Supplied information:
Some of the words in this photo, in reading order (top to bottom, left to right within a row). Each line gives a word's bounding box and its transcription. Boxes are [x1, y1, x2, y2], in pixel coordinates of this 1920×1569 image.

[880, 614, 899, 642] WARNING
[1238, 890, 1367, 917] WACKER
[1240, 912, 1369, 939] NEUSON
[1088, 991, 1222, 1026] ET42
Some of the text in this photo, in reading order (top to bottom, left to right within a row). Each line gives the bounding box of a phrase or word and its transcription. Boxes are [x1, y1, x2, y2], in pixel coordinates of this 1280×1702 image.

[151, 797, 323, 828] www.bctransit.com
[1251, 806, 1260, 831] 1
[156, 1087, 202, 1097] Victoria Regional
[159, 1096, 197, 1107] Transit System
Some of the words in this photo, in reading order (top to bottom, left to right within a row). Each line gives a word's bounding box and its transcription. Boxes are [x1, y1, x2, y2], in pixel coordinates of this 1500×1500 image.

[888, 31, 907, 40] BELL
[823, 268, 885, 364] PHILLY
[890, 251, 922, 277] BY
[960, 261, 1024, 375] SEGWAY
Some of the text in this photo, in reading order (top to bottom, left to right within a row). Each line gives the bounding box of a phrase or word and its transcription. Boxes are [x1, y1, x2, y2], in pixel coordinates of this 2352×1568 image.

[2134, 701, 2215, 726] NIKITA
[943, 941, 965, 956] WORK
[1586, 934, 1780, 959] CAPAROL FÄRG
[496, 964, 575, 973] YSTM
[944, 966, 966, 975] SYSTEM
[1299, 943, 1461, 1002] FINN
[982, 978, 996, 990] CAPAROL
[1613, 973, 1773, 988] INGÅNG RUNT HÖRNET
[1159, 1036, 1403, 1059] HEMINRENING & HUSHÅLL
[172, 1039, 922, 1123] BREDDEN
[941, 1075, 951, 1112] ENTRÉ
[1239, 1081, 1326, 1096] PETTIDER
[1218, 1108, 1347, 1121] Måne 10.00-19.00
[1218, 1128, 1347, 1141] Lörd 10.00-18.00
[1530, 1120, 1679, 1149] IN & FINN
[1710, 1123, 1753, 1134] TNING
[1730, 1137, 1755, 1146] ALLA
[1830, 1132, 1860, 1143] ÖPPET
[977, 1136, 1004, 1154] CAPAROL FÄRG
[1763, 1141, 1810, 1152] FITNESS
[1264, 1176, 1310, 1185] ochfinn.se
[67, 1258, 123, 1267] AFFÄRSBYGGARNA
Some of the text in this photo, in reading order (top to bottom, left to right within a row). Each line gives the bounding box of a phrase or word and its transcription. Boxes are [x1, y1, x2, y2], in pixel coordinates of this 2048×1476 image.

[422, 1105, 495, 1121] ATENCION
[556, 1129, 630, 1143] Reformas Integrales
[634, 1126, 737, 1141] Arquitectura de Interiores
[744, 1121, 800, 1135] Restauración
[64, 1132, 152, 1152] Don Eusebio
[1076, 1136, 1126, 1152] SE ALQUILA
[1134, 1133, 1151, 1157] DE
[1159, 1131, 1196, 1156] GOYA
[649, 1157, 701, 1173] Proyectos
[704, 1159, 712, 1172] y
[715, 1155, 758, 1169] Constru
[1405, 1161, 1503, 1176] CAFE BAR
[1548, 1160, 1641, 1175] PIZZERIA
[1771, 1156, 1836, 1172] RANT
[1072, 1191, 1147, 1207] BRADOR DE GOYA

Task to complete: This exercise requires all the entries to be written out again exactly.

Written answer:
Some of the words in this photo, in reading order (top to bottom, left to right within a row). Each line gives a word's bounding box and its transcription. Boxes are [x1, y1, x2, y2], in pixel coordinates of this 1920×1569 image.

[880, 614, 899, 642] WARNING
[1238, 890, 1367, 917] WACKER
[1240, 912, 1369, 939] NEUSON
[1088, 991, 1222, 1026] ET42
Some of the text in this photo, in reading order (top to bottom, left to right within a row). Each line gives the bounding box of a phrase or word and its transcription. Boxes are [x1, y1, x2, y2], in pixel coordinates of this 1280×1702 image.

[151, 797, 323, 828] www.bctransit.com
[1251, 806, 1260, 831] 1
[156, 1087, 202, 1097] Victoria Regional
[159, 1096, 197, 1107] Transit System
Some of the words in this photo, in reading order (top to bottom, left to right within a row). Each line gives a word's bounding box and its transcription. Boxes are [x1, y1, x2, y2], in pixel coordinates of this 1500×1500 image.

[888, 31, 907, 40] BELL
[823, 268, 885, 364] PHILLY
[890, 251, 922, 277] BY
[960, 261, 1024, 375] SEGWAY
Some of the text in this photo, in reading order (top to bottom, left to right within a row). Each line gives the bounding box of a phrase or word and its transcription. Boxes are [x1, y1, x2, y2], in pixel coordinates of this 2352×1568 image.

[2134, 701, 2215, 726] NIKITA
[943, 941, 965, 956] WORK
[1586, 934, 1780, 959] CAPAROL FÄRG
[496, 964, 575, 973] YSTM
[944, 966, 966, 975] SYSTEM
[1299, 943, 1461, 1002] FINN
[982, 978, 996, 990] CAPAROL
[1613, 973, 1773, 988] INGÅNG RUNT HÖRNET
[1159, 1036, 1403, 1059] HEMINRENING & HUSHÅLL
[172, 1039, 922, 1123] BREDDEN
[941, 1075, 951, 1112] ENTRÉ
[1239, 1081, 1326, 1096] PETTIDER
[1218, 1108, 1347, 1121] Måne 10.00-19.00
[1218, 1128, 1347, 1141] Lörd 10.00-18.00
[1530, 1120, 1679, 1149] IN & FINN
[1710, 1123, 1753, 1134] TNING
[1730, 1137, 1755, 1146] ALLA
[1830, 1132, 1860, 1143] ÖPPET
[977, 1136, 1004, 1154] CAPAROL FÄRG
[1763, 1141, 1810, 1152] FITNESS
[1264, 1176, 1310, 1185] ochfinn.se
[67, 1258, 123, 1267] AFFÄRSBYGGARNA
Some of the text in this photo, in reading order (top to bottom, left to right within a row). Each line gives the bounding box of a phrase or word and its transcription. Boxes are [x1, y1, x2, y2], in pixel coordinates of this 2048×1476 image.

[422, 1105, 495, 1121] ATENCION
[556, 1129, 630, 1143] Reformas Integrales
[634, 1126, 737, 1141] Arquitectura de Interiores
[744, 1121, 800, 1135] Restauración
[64, 1132, 152, 1152] Don Eusebio
[1076, 1136, 1126, 1152] SE ALQUILA
[1134, 1133, 1151, 1157] DE
[1159, 1131, 1196, 1156] GOYA
[649, 1157, 701, 1173] Proyectos
[704, 1159, 712, 1172] y
[715, 1155, 758, 1169] Constru
[1405, 1161, 1503, 1176] CAFE BAR
[1548, 1160, 1641, 1175] PIZZERIA
[1771, 1156, 1836, 1172] RANT
[1072, 1191, 1147, 1207] BRADOR DE GOYA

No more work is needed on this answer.